Neither Brown nor Cameron came out with flying colours

PMQs sketch: On the wrong foot

PMQs sketch: On the wrong foot

Usually by this time on a parliamentary Wednesday the party leaders are relaxing after their weekly Commons ordeal. Perhaps this was why this week’s prime minister’s questions was a choppy, queasy affair.

By Alex Stevenson

The sense of unease was palpable after the morning’s service in Westminster Abbey, which forced this week’s PMQs into its unusual afternoon slot. MPs quivered in nervous silence as the party leaders repeated their usual condolences about the latest war dead. The care with which Gordon Brown strove to correctly pronounce the names of those fallen – a mistake would have been utterly disastrous for the prime minister after his spelling errors – underlined the tension.

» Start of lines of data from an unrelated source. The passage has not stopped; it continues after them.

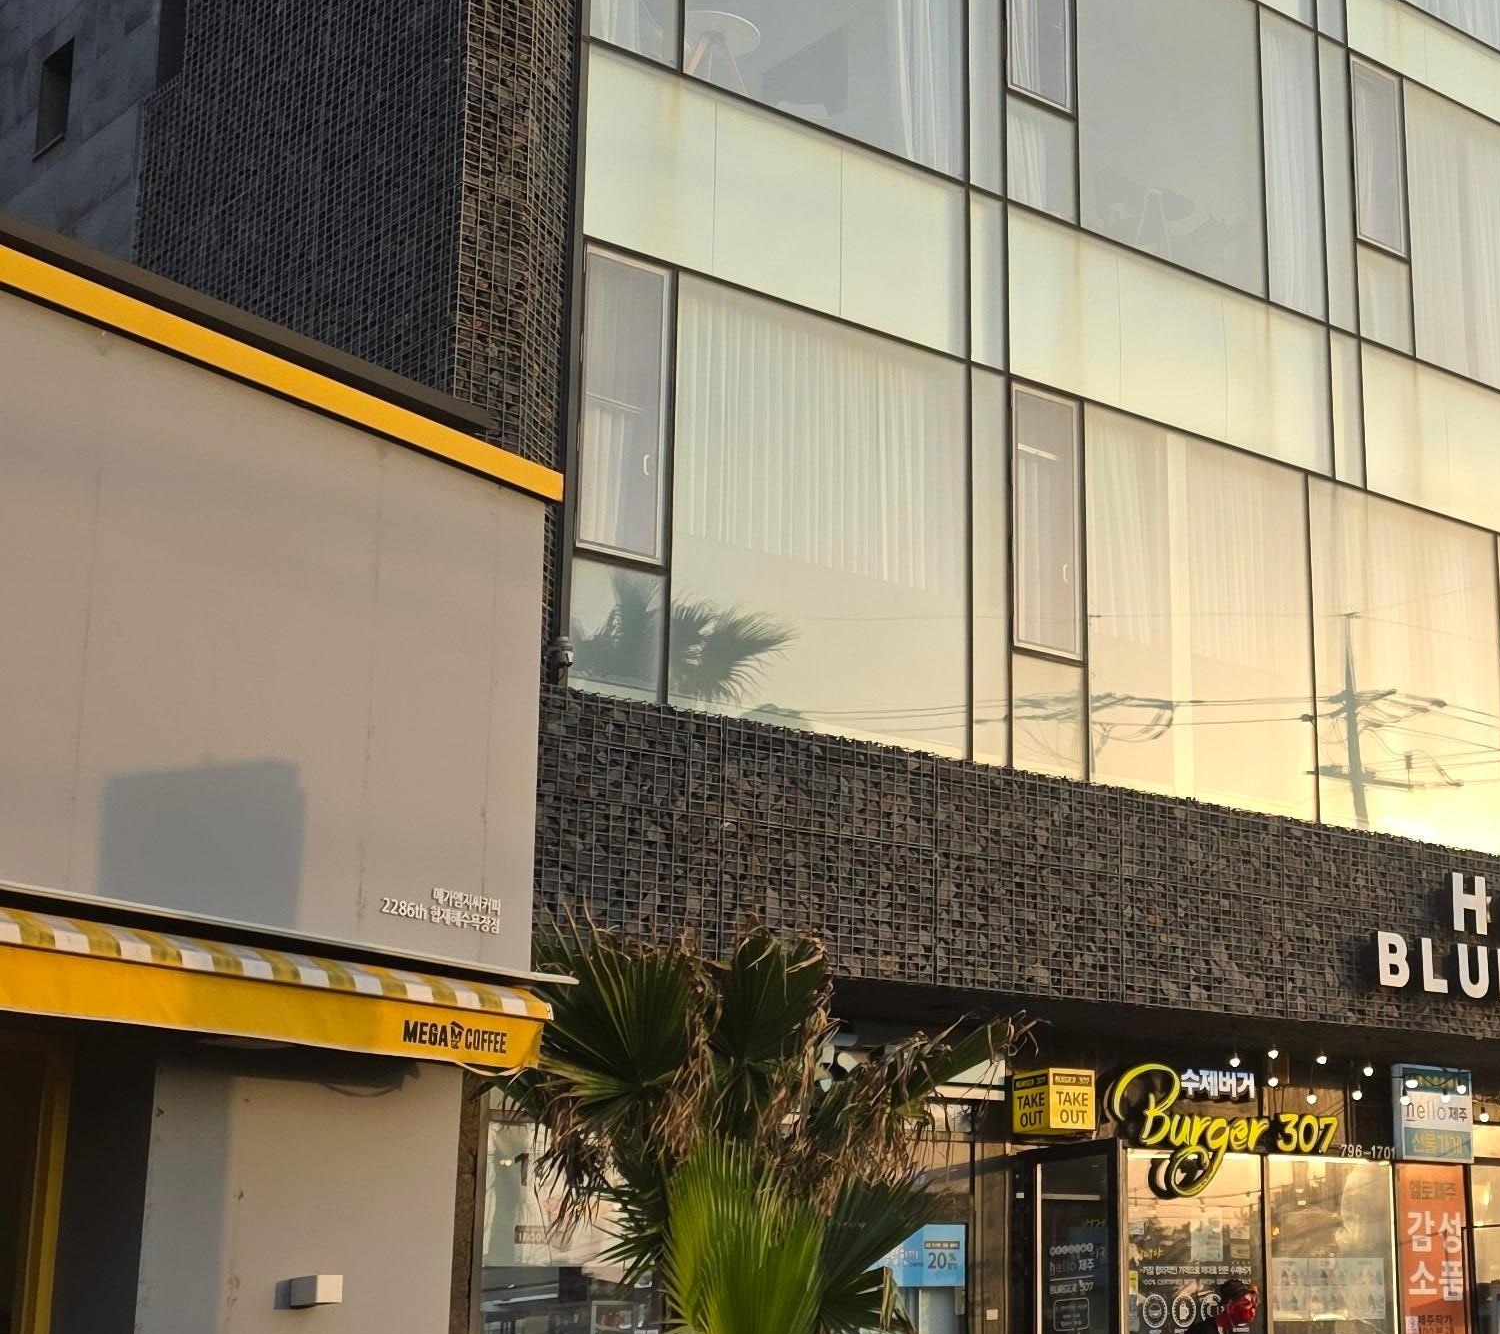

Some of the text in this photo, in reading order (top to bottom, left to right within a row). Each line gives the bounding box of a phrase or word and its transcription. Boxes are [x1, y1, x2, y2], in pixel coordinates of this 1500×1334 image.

[381, 896, 427, 920] 2286th
[432, 887, 500, 916] 메가엠지씨커피
[403, 1020, 448, 1047] MEGA
[464, 1028, 507, 1054] COFFEE
[1181, 1068, 1255, 1099] 수제버거
[1017, 1092, 1045, 1110] TAKE
[1056, 1090, 1089, 1107] TAKE
[1020, 1110, 1044, 1128] OUT
[1060, 1109, 1088, 1124] OUT
[1448, 1106, 1469, 1122] 제주
[1112, 1063, 1338, 1197] Burger 307
[1340, 1144, 1396, 1160] 796-1701
[1407, 1210, 1462, 1253] 감성
[928, 1252, 947, 1269] 20
[1408, 1260, 1464, 1301] 소품
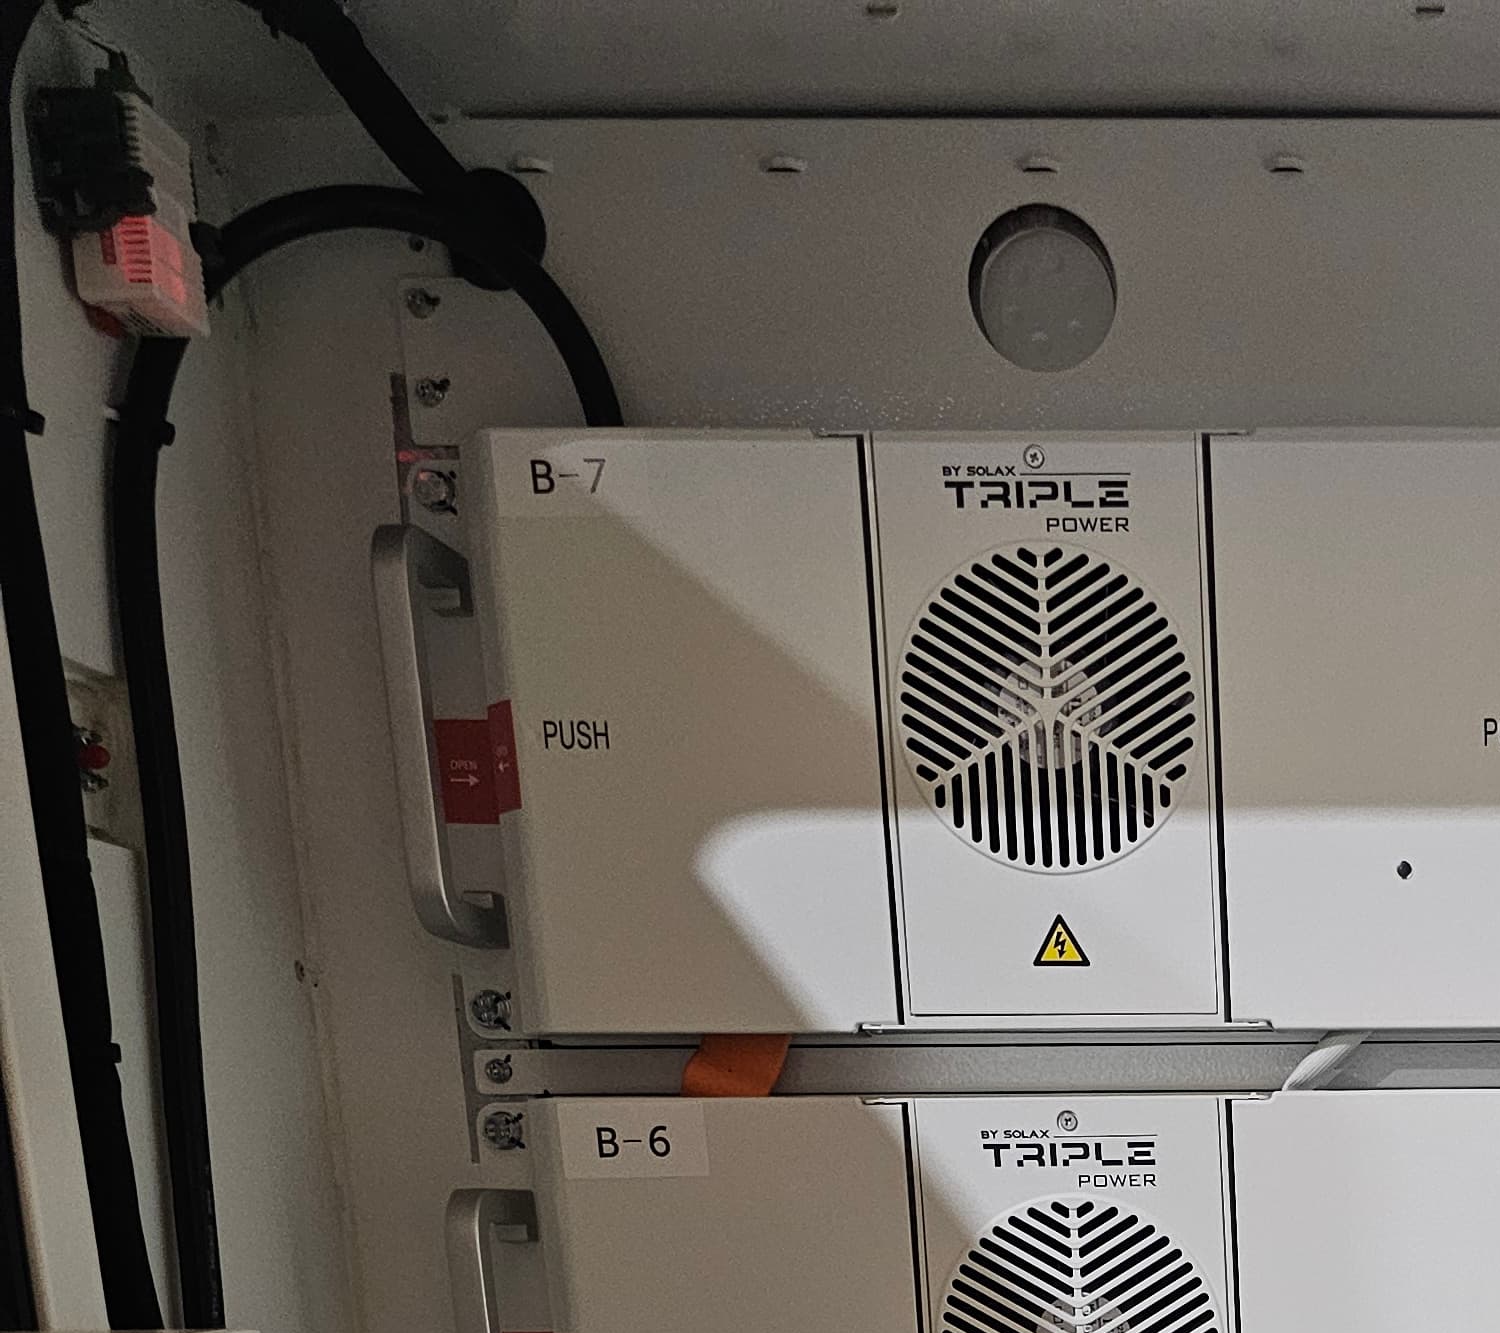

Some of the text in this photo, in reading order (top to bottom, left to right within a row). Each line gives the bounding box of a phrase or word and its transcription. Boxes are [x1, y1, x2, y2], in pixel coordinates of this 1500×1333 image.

[530, 457, 606, 494] B-7
[942, 465, 1016, 476] BY SOLAX
[944, 480, 1129, 508] TRIPLE
[1046, 517, 1130, 533] POWER
[543, 720, 610, 750] PUSH
[595, 1125, 672, 1159] B-6
[980, 1129, 1050, 1140] BY SOLAX
[983, 1141, 1156, 1167] TRIPLE
[1078, 1174, 1157, 1188] POWER

Cameron whistled through his easily enough, before slowly easing up the pressure on the prime minister. After some opening skirmishes based on today’s miserable unemployment figures he went on the offensive, by announcing in grandiose terms a leaked memo from the business department. Brown’s ears pricked up, alert to danger, like a rabbit in the headlights of the oncoming Tory juggernaut. He leapt up from the green benches and stooped low in an apparent bid to prevent anyone noticing him as he scrabbled for his emergency documents. “It was sent to Peter Mandelson, it must be important,” Cameron crowed, as Brown cowered in front of him.

He and Straw exchanged a panicked glance as Cameron revealed the government’s spending cuts plans. The justice secretary’s facial expression, which held for perhaps a quarter of a second, combined confusion and bemusement with scorn and panic. Brown appeared capable only of sending the Tory benches into fits of uncontrollable laughter, but he struggled on.

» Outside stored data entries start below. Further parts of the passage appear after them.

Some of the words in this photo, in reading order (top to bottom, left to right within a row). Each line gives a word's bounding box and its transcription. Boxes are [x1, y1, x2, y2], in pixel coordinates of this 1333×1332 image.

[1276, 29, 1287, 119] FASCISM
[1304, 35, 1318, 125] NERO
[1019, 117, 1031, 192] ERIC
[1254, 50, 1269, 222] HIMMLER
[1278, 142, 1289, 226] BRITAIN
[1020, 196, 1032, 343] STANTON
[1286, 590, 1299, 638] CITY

Soon it was Cameron who found himself on the back foot. This was a volatile PMQs, with the momentum shifting from moment to moment, but it was the Tory leader who found himself reeling against the ropes most consistently as things heated up. Brown pummelled him with his favourite rhetorical device, the semi-list, which enables him to conserve energy and think about other things while he drones on landing blow after blow. “He was wrong on the recession,” Brown barked in conclusion. The Tory leader’s expression, which held for perhaps a quarter of a second, combined confusion and bemusement with scorn and panic. It seems this particular trait was rather infectious.

His attempts to come up with his own version didn’t quite work out and his final supposedly scathing send-off – that Brown has “neither courage nor convictions” was utterly limp. Labour MPs cheered and cheered as Brown leapt on his feet, attacking the Tories’ “cast-iron” commitments to Europe, the NHS and young people. “He cannot match what we are doing,” Brown boasted.

In this rather restless and unpredictable session something else unusual happened: a sterling performance from the Liberal Democrats’ Nick Clegg. Brown has had the upper hand in their brief exchanges in recent weeks, but today the prime minister found himself as comprehensively outmanoeuvred as Cameron had been at his own hands minutes earlier.

Clegg’s initial question was very, very effective. It was so artfully constructed its actual topic in question – local housing allowances – was only revealed close to its end, leaving Brown very little time to think up an answer. The PM only had time for a quick, baffled word with David Miliband before having to stand up. His expression, you will not be surprised to learn, combined confusion and bemusement with scorn and panic. His mutterings about the government having “done more” were nowhere near sufficient. “This response beggars belief,” Clegg sniffed. How right he was.

Both Brown and Cameron remained on edge until the end of the session. Tory troublemaker Andrew Pelling asked Brown for a referendum on Europe at the next general election, straying dangerously away from his own party’s policy. Cameron shuffled uncomfortably in his seat.

Then shadow defence minister Gerald Howarth asked a question about an email he had received from the friend of a dead soldier. “We are winning in the job we are doing out here,” the soldier had said. Why wasn’t the message getting across?

Brown rose, explaining yet again about the threat of terror from Afghanistan and Pakistan. His response lacked passion; for a strange moment he appeared tired and listless. It summed up a strange, awkward session, which will not be remembered for very long.